● **Goal of the exercise**: Omit all pictures, then repeat the listing exactly.
START Material provided
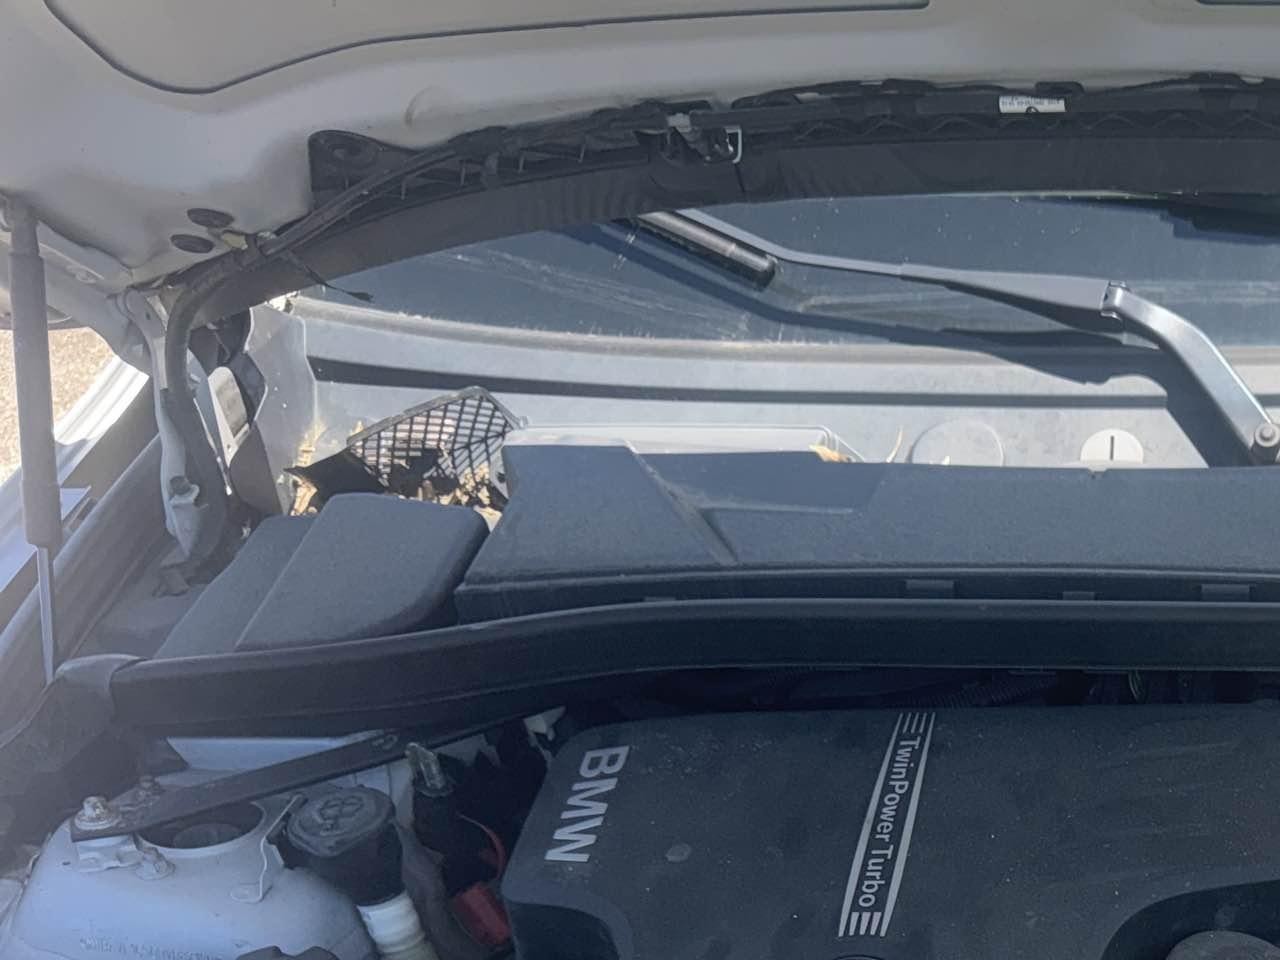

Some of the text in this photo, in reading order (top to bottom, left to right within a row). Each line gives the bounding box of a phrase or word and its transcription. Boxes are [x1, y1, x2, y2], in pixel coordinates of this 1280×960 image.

[544, 744, 631, 864] BMW
[858, 736, 921, 909] TwinPower Turbo
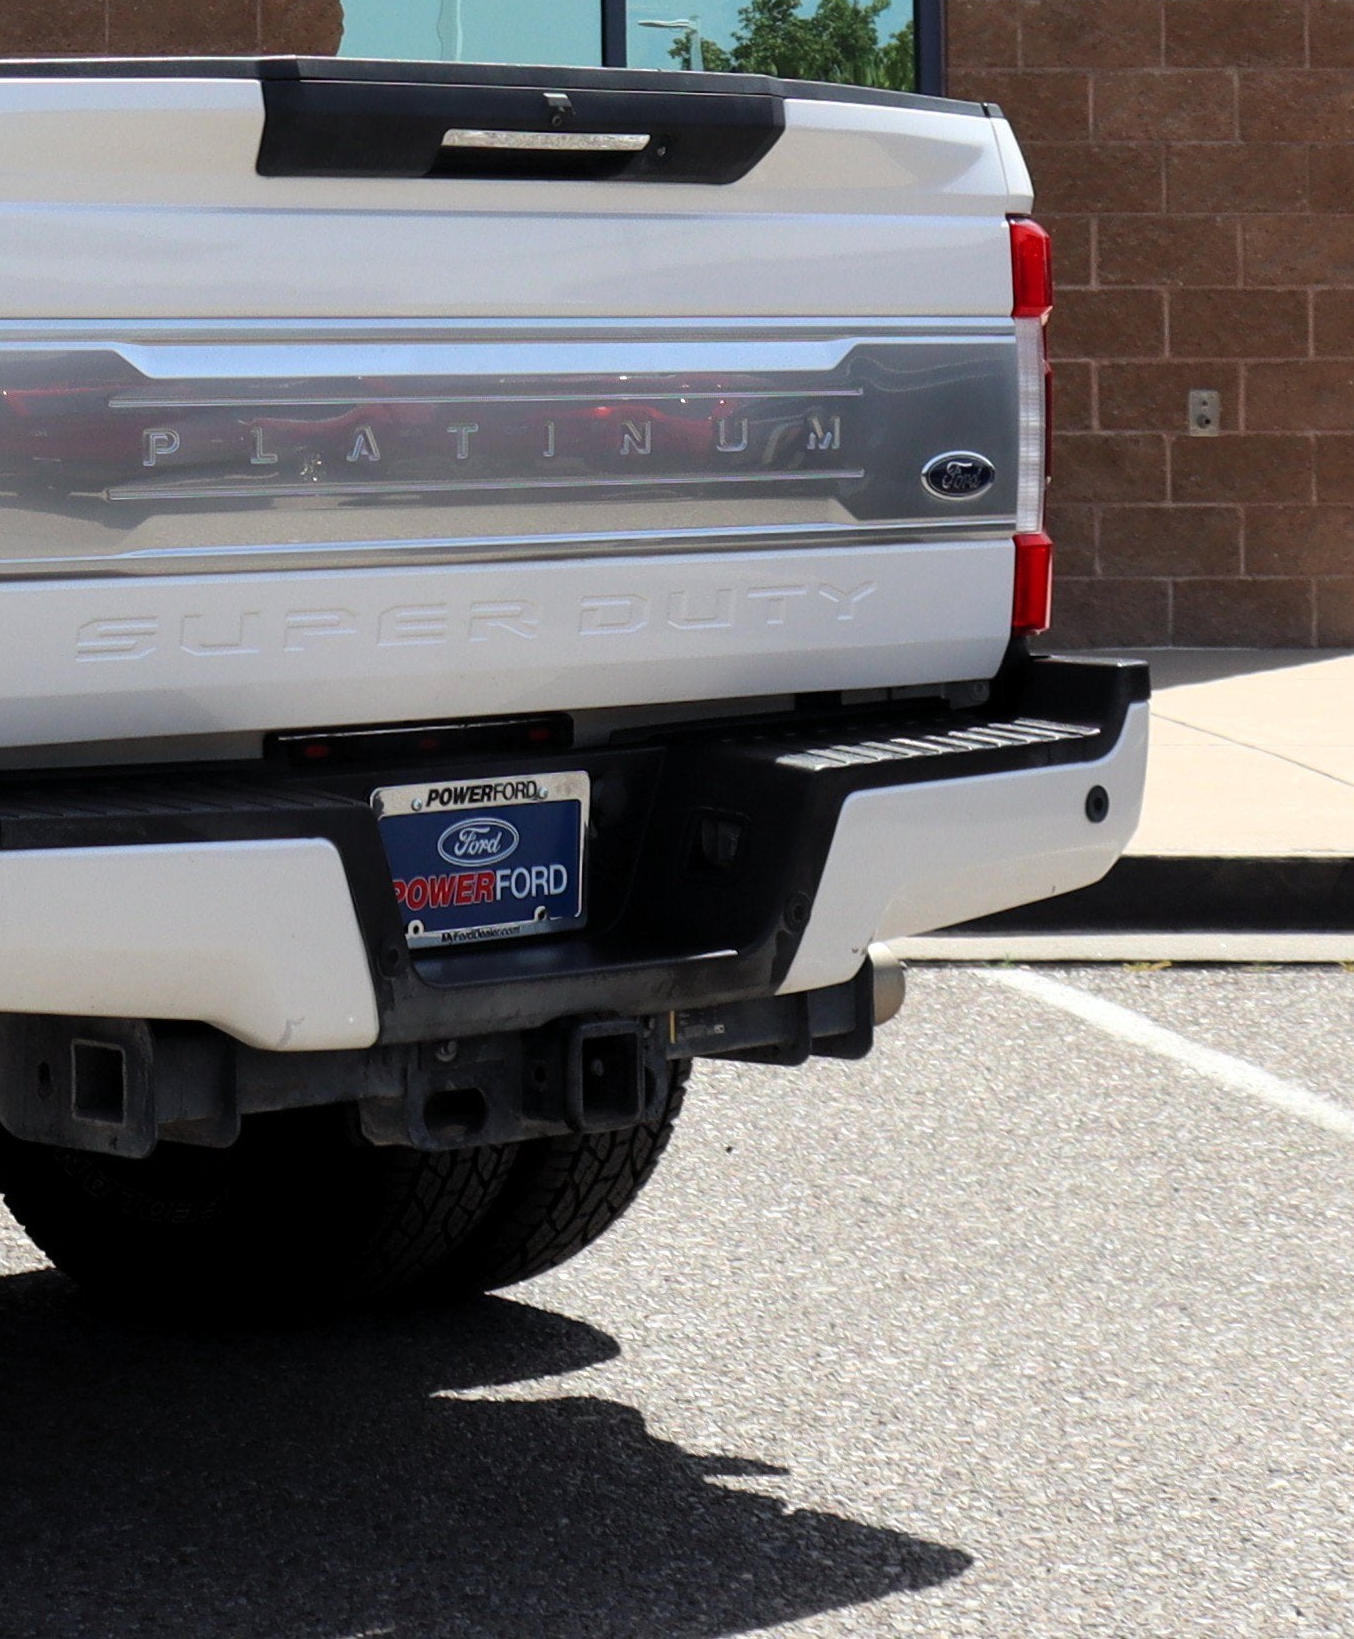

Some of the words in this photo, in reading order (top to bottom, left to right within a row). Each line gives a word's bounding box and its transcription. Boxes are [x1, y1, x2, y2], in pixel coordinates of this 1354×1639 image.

[142, 415, 842, 468] PLATINUM
[941, 462, 983, 489] Ford
[74, 598, 539, 663] SUPER
[578, 580, 878, 638] DUTY
[426, 780, 537, 807] POWERFORD
[454, 827, 503, 856] Ford
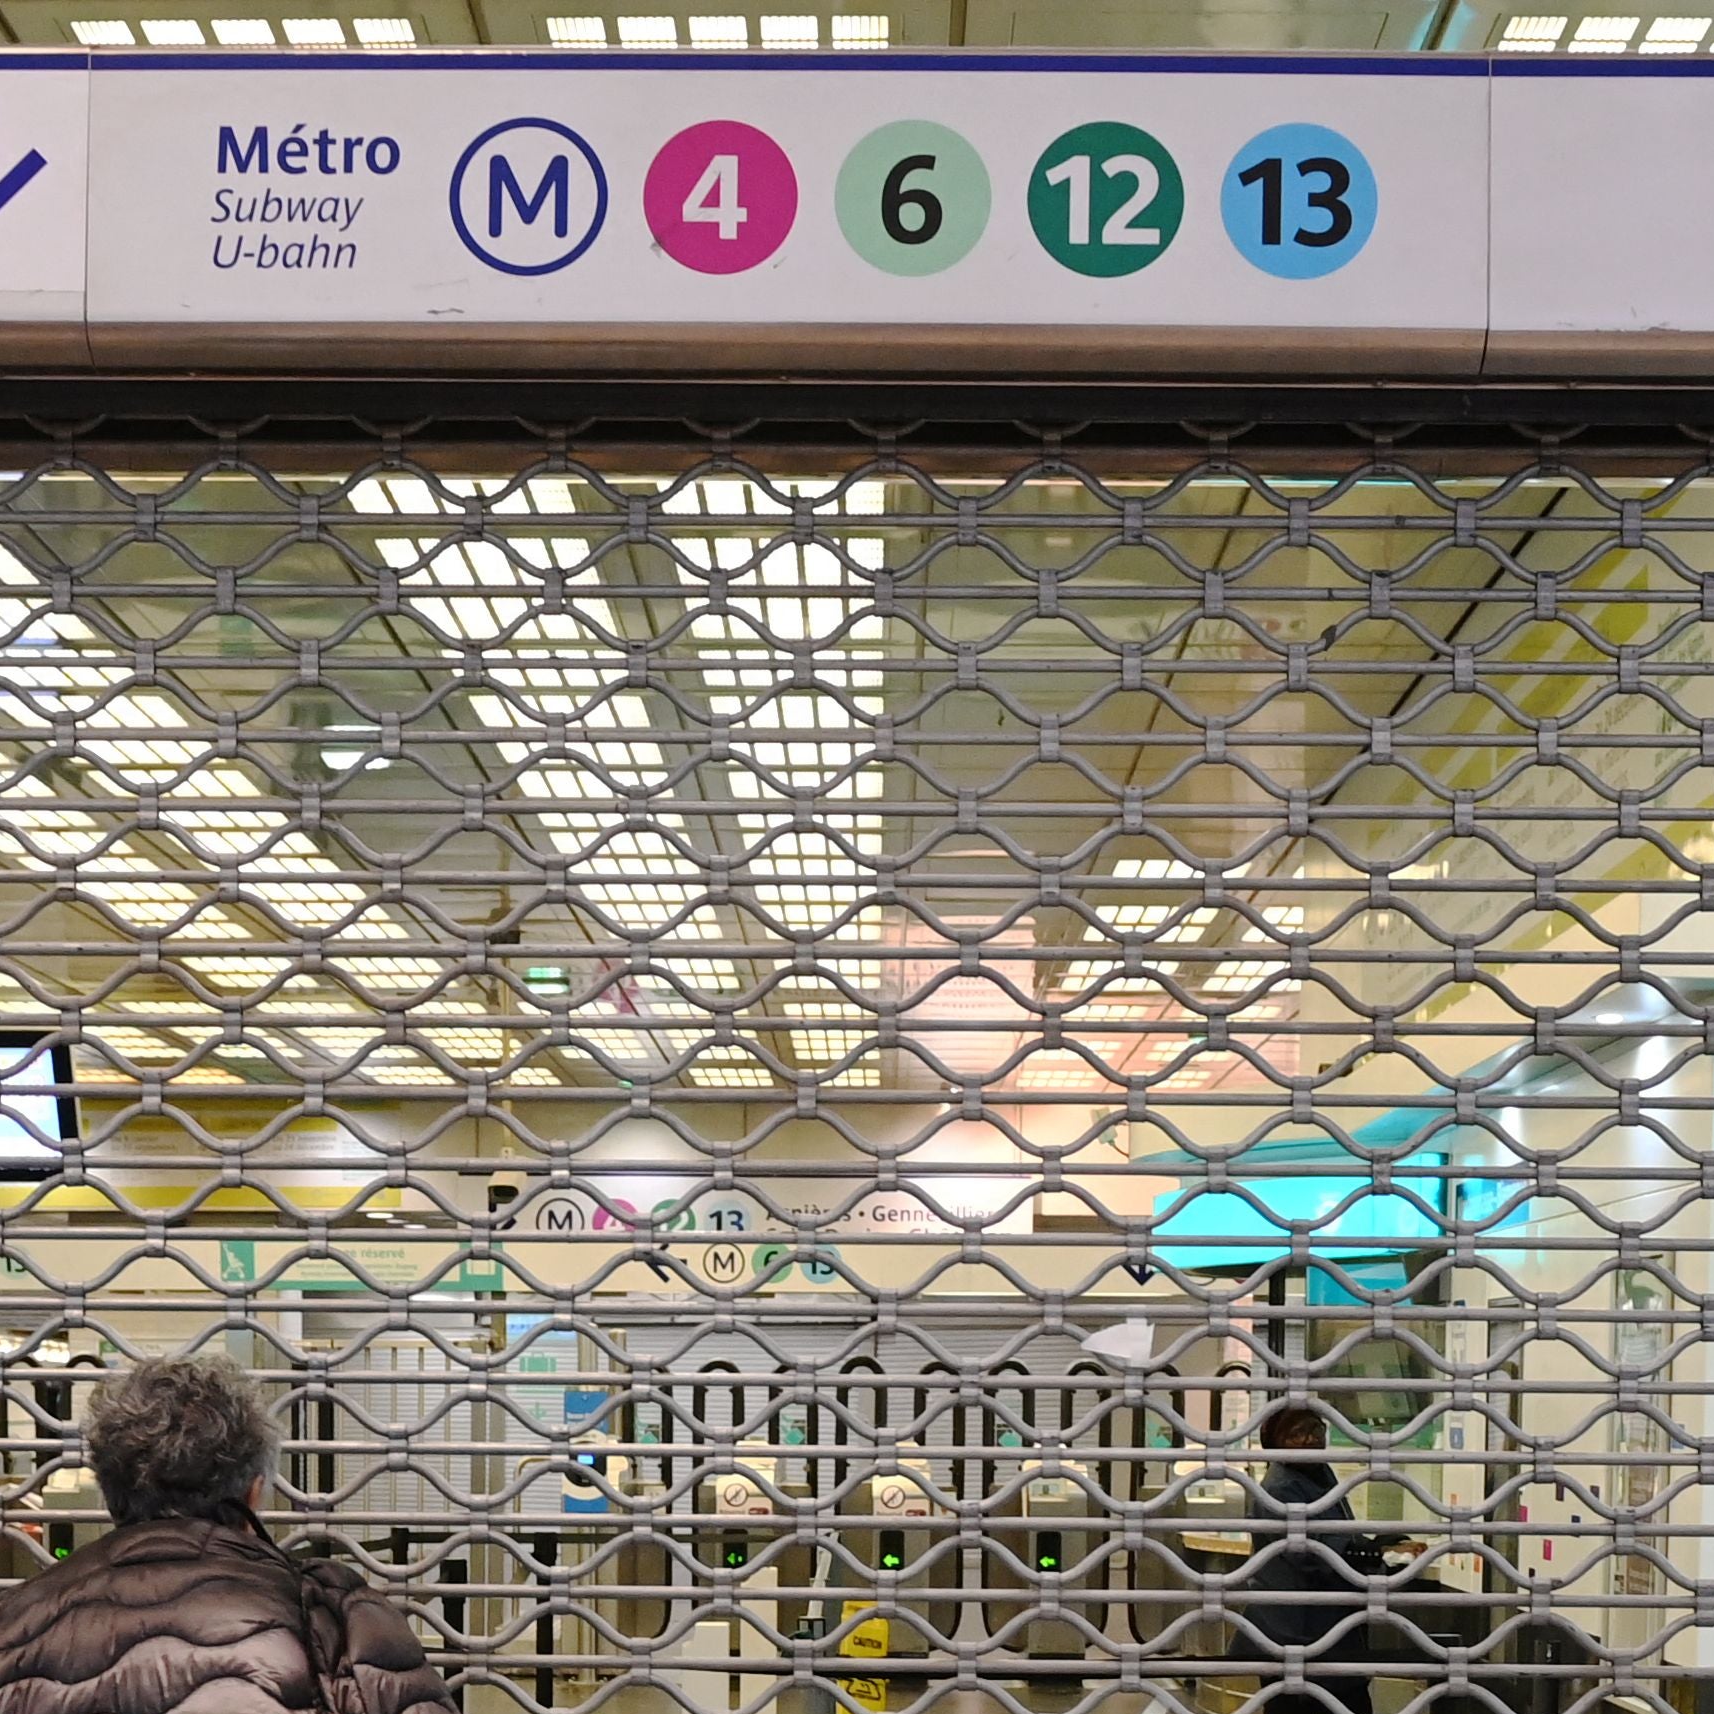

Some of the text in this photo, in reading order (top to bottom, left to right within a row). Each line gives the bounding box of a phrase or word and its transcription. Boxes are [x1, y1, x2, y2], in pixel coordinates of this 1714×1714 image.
END Material provided
● **Result below**:
Some of the text in this photo, in reading order (top to bottom, left to right within a row). Each line gives the bounding box of a phrase or word and its transcription. Boxes are [x1, y1, x2, y2], in pixel coordinates of this 1280×960 image.

[544, 744, 631, 864] BMW
[858, 736, 921, 909] TwinPower Turbo

Some of the words in this photo, in reading order (top to bottom, left to right within a row). Each line gives a word's bounding box and its transcription. Boxes are [x1, y1, x2, y2], in pixel coordinates of this 1354×1639 image.

[142, 415, 842, 468] PLATINUM
[941, 462, 983, 489] Ford
[74, 598, 539, 663] SUPER
[578, 580, 878, 638] DUTY
[426, 780, 537, 807] POWERFORD
[454, 827, 503, 856] Ford

Some of the text in this photo, in reading order (top to bottom, left to right within a row). Each line gives the bounding box of a phrase or word and its transcription. Boxes are [x1, y1, x2, y2], in pixel coordinates of this 1714×1714 image.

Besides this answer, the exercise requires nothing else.